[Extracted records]

· · ·

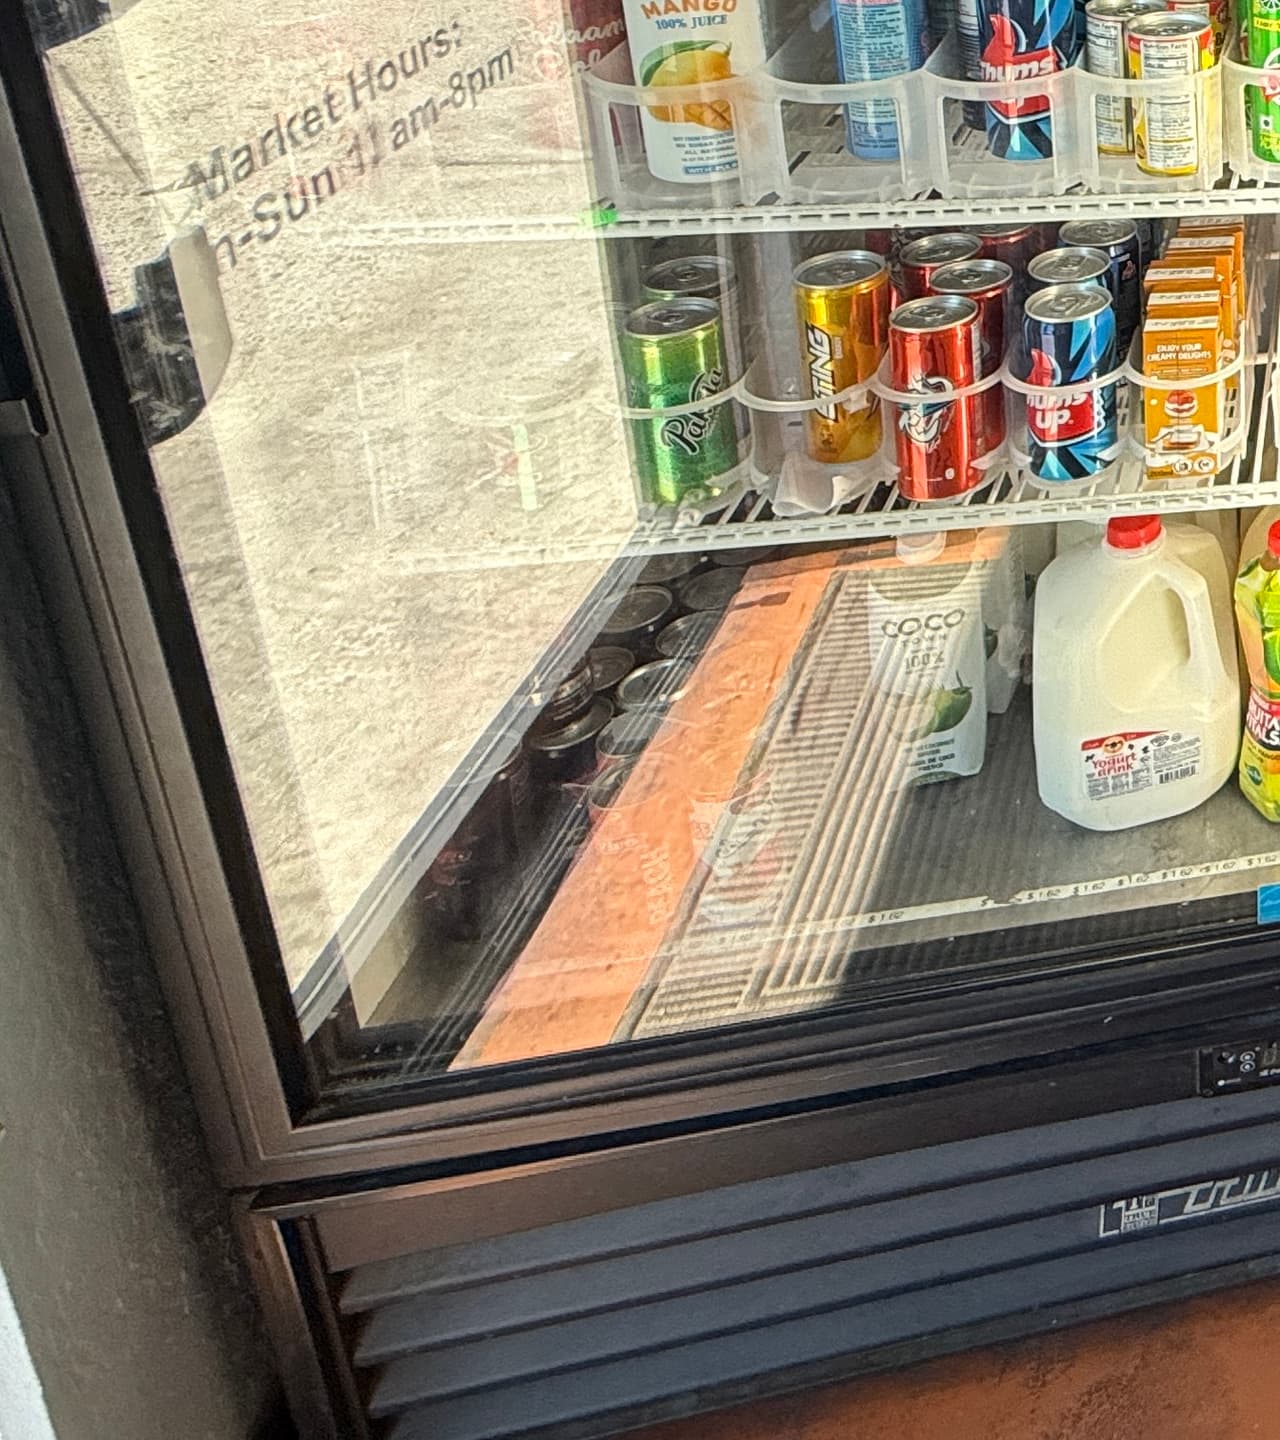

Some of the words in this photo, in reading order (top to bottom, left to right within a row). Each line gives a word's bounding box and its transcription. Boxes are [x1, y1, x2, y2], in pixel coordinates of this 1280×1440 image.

[655, 17, 688, 30] 100%
[690, 13, 728, 29] JUICE
[980, 56, 1056, 83] Thums
[186, 88, 338, 204] Market
[350, 17, 466, 111] Hours:
[881, 608, 966, 638] COCO
[904, 650, 945, 671] 100%
[1092, 751, 1137, 770] Yogurt
[1096, 761, 1134, 778] drink

· · ·

*Task prompt:*
Each record must be set down again without alteration, and no picture may be carried over.

*Your solution:*
Some of the words in this photo, in reading order (top to bottom, left to right within a row). Each line gives a word's bounding box and its transcription. Boxes are [x1, y1, x2, y2], in pixel coordinates of this 1280×1440 image.

[655, 17, 688, 30] 100%
[690, 13, 728, 29] JUICE
[980, 56, 1056, 83] Thums
[186, 88, 338, 204] Market
[350, 17, 466, 111] Hours:
[881, 608, 966, 638] COCO
[904, 650, 945, 671] 100%
[1092, 751, 1137, 770] Yogurt
[1096, 761, 1134, 778] drink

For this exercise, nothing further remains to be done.